Exclude all pictures, then copy each of the records exactly as written.

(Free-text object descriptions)
==============================

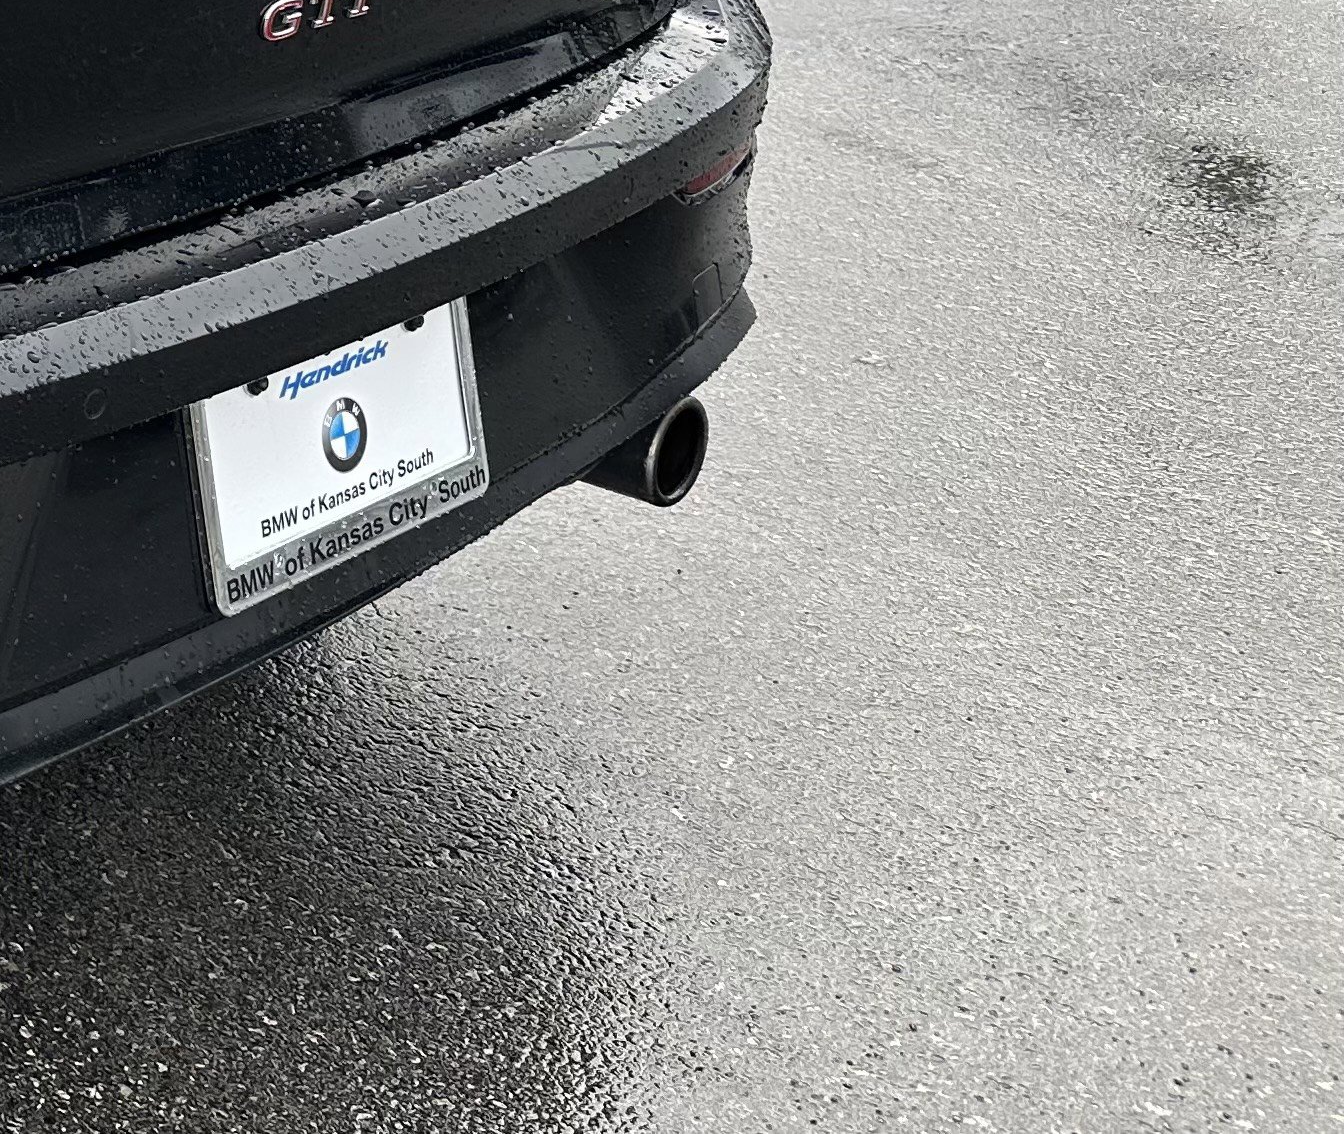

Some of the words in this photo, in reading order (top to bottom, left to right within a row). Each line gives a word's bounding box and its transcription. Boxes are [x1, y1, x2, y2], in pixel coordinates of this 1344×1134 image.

[279, 340, 389, 400] Hendrick
[226, 563, 275, 605] BMW
[285, 548, 305, 576] of
[311, 517, 384, 566] Kansas
[388, 493, 429, 525] City
[439, 465, 486, 504] South
[261, 506, 299, 538] BMW
[302, 498, 316, 520] of
[318, 480, 366, 516] Kansas
[369, 468, 395, 494] City
[398, 448, 434, 478] South
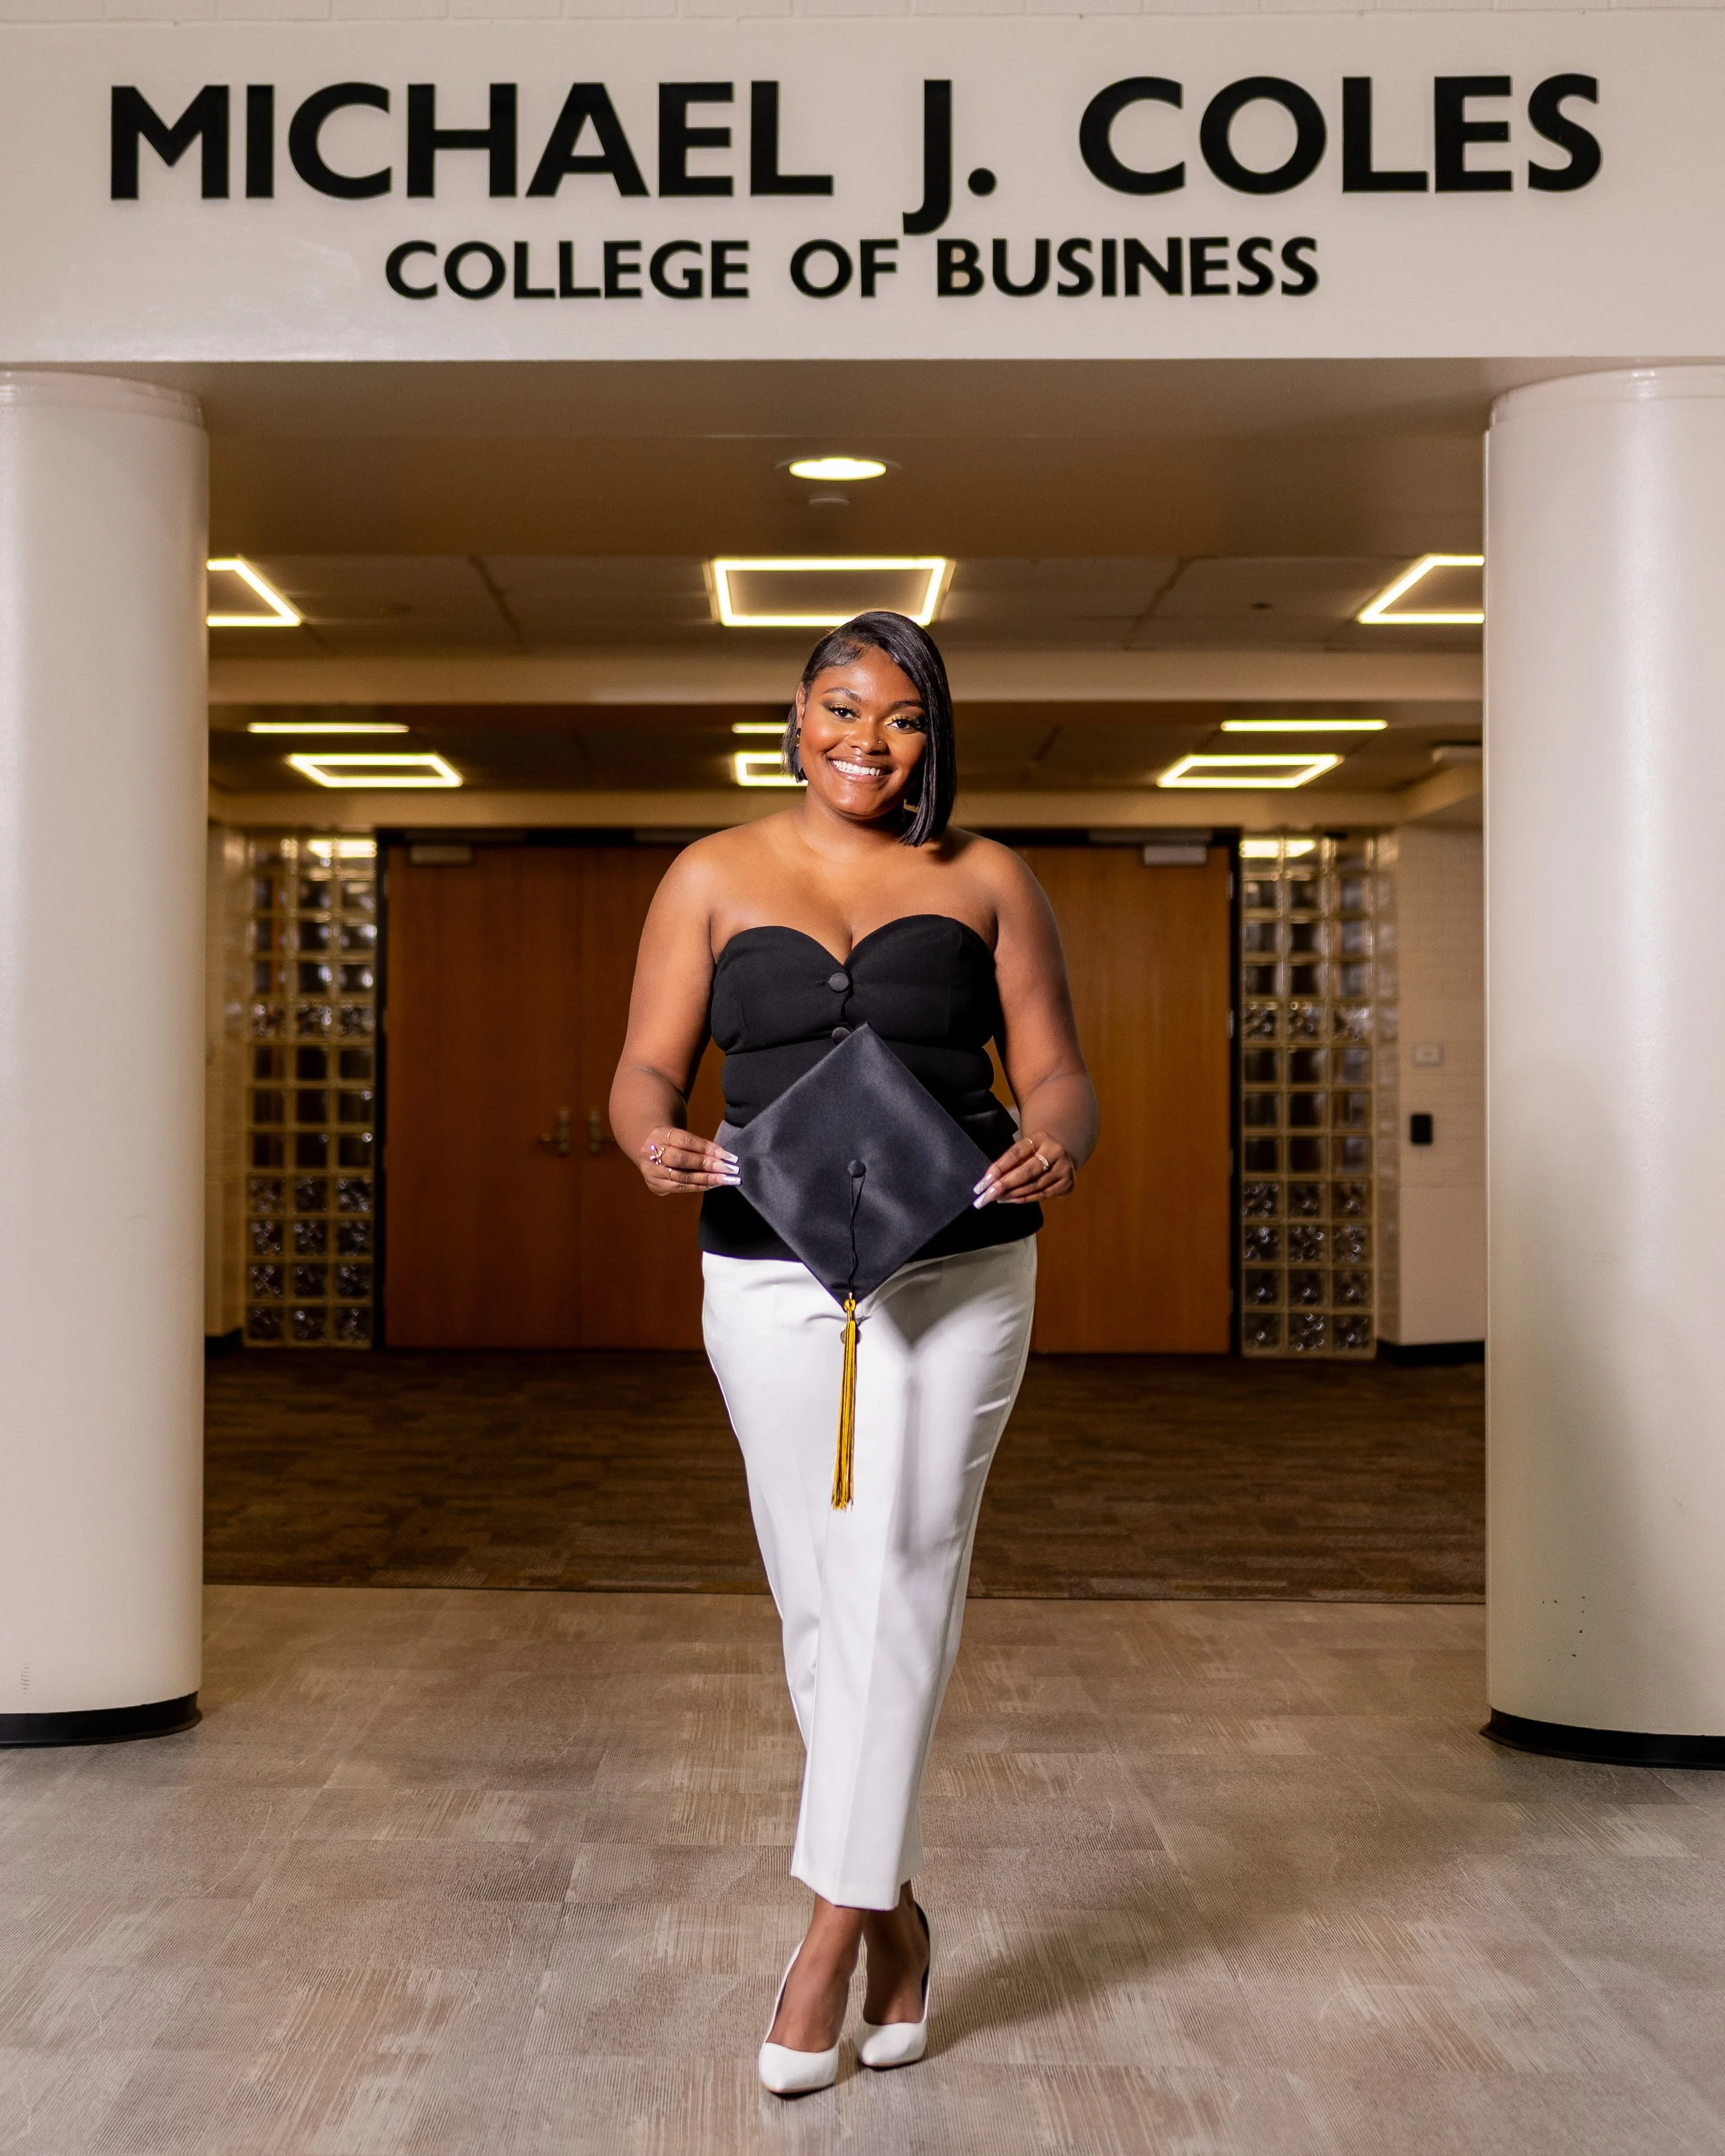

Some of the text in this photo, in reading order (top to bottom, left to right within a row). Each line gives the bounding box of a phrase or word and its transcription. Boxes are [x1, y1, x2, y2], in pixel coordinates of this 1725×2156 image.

==============================

Response to the task:
Some of the words in this photo, in reading order (top to bottom, left to right within a row). Each line gives a word's bounding box and its transcription. Boxes are [x1, y1, x2, y2], in pixel coordinates of this 1344×1134 image.

[279, 340, 389, 400] Hendrick
[226, 563, 275, 605] BMW
[285, 548, 305, 576] of
[311, 517, 384, 566] Kansas
[388, 493, 429, 525] City
[439, 465, 486, 504] South
[261, 506, 299, 538] BMW
[302, 498, 316, 520] of
[318, 480, 366, 516] Kansas
[369, 468, 395, 494] City
[398, 448, 434, 478] South

Some of the text in this photo, in reading order (top to bottom, left to right within a row). Each line gives the bounding box of a phrase or word and its transcription. Boxes are [x1, y1, x2, y2], in pixel coordinates of this 1725×2156 image.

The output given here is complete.